Temperature monitoring is a critical component in many sensitive environments — one of which is server rooms. As a centralized center for businesses to manage computing and networking resources, server rooms are home to racks of computer and network hardware, with anywhere from tens to hundreds and even thousands of servers as well as other IT equipment. In the event the hardware overheats, the impact can be catastrophic.

Setting the scene for the benefits of a server room temperature monitor, let’s first look at how heat can be generated in a server room and, secondly, what this build-up means for the room’s hardware.

The Temperature Dynamics in a Server Room

As the Data Center Frontier reports, early server racks were outfitted with power densities of 3 to 5 kW per rack, which translated into relatively little heat being released. Over time, central processing units (CPUs) have followed Moore’s Law and become increasingly powerful (and smaller) while meeting the exponential growth of “cloud computing”. The greatly increased density of the internal circuitry requires more power to run CPUs and CPUs are packed more closely together, which dramatically increases the power usage within each server rack.

Considering these variables, the power densities of server racks have risen to 20 kW and higher per rack and have led to great increases in heat emission. Multiply the heat emission of one server rack by multiple rows of racks and it’s easy to see how the amount of heat generated in a server room can add up fast. And without continuous cooled air, the servers will overheat.

When a server is exposed to prolonged high temperatures, there’s a direct impact on the performance of the system. Heat stress will decrease server reliability and eventually lead to premature system failure. According to some studies, a minor increase in temperature can decrease the lifespan of a hard drive by two years. Alongside hardware replacement costs, the productivity loss of a failed server also represents a tangible sunk cost for businesses. 

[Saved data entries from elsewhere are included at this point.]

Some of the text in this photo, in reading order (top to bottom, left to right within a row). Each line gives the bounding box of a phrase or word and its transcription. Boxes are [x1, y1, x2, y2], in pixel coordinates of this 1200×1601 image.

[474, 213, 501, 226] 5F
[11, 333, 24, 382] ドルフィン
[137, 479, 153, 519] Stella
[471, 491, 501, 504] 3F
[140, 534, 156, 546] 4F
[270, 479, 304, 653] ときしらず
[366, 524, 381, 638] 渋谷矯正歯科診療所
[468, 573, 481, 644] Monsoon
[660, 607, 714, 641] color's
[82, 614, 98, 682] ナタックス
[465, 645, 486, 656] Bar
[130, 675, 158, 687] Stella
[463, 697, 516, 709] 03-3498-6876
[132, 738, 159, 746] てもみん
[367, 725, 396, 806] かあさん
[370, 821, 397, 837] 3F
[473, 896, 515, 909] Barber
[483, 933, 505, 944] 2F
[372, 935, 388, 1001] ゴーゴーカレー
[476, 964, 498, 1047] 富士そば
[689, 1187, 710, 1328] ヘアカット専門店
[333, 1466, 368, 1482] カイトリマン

In an effort to place numbers around the cost of server failure, here are a few factors to keep in mind. The purchase of a new server can come with a price tag of anywhere between $1,000 to $2,500. Then, there’s the supplemental hardware costs for CPUs (usually about $900), RAM (typically about $350), and a hard drive (usually about $250) — among other expenses, including the installation costs. The average server takes four to five hours to install and IT staff are paid an average of $100 per hour.

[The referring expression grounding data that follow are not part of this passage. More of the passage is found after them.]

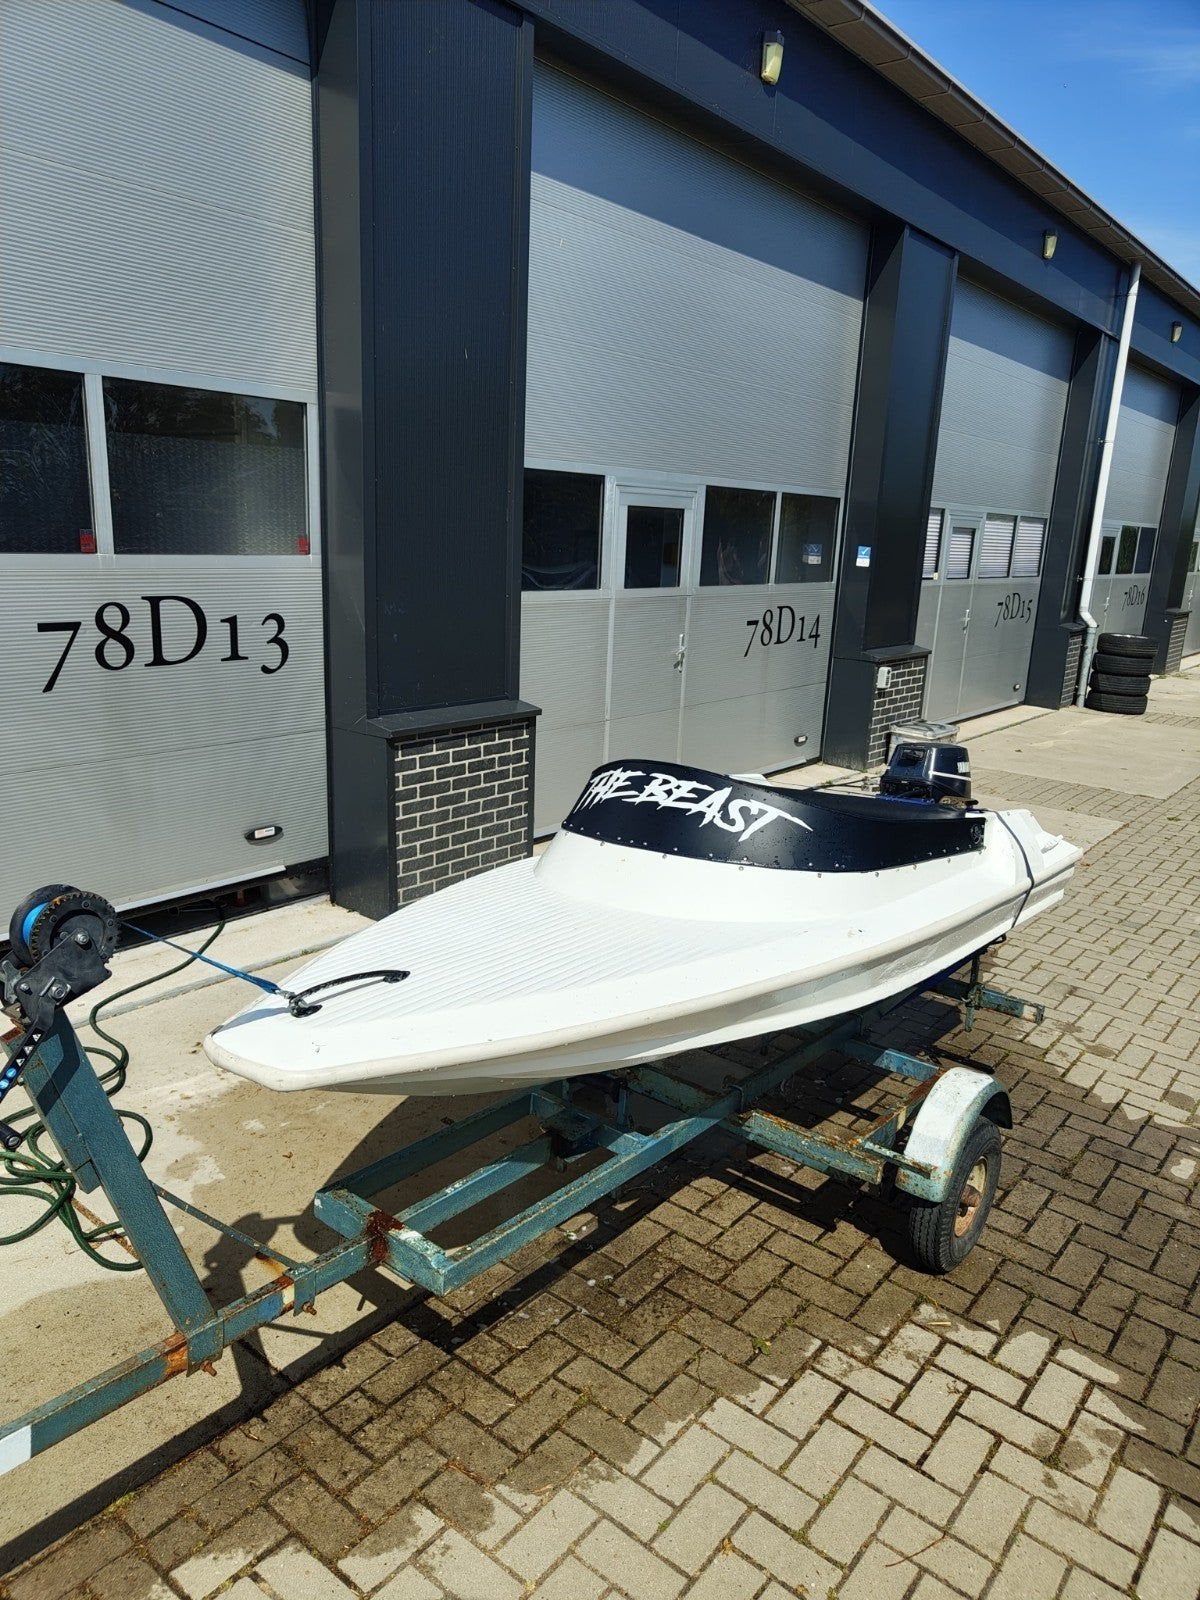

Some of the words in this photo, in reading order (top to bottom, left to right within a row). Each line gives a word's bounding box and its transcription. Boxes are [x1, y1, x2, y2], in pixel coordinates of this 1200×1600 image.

[994, 592, 1033, 628] 78D15
[1121, 584, 1146, 611] 78D16
[37, 595, 290, 693] 78D13
[743, 605, 821, 657] 78D14
[573, 766, 647, 814] THE
[621, 772, 814, 842] BEAST

Monitor Your Server Room With a 24/7 Temperature Sensor

While specialized cooling systems can help control the level of heat generated in server rooms by directing cool air into the racks, dynamics can also change. Increases in server usage or the addition of new equipment can cause heat levels to increase, while unexpected failures within the cooling system can put critical hardware at risk. 

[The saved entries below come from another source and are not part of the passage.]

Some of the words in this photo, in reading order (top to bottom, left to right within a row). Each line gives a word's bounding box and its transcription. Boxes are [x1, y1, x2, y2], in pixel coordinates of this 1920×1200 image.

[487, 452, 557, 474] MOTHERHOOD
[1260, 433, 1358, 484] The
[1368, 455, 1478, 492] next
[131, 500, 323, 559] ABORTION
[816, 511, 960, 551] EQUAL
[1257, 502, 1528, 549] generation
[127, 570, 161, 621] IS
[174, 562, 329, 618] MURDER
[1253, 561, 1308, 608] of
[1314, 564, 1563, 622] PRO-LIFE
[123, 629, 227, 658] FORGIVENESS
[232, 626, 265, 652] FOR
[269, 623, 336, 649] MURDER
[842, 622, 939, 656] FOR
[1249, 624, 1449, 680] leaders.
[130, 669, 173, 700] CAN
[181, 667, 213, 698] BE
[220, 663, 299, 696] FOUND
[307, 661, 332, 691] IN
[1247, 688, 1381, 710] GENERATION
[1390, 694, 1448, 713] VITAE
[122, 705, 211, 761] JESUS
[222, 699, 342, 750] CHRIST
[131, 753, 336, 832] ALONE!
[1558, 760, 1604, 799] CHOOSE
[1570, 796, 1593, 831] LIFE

Whatever the cause for concern may be, the 24/7 temperature monitoring solution from CORIS serves as a safety net to keep your server room assets safe. When the temperature or humidity inside a server room rises above predefined thresholds, business personnel are alerted to the issue in real time so they can act fast to protect mission critical systems and data from damage. An additional benefit includes analyzing trends and patterns in the temperature data to provide insight into ways to conserve energy and amplify performance in the server room.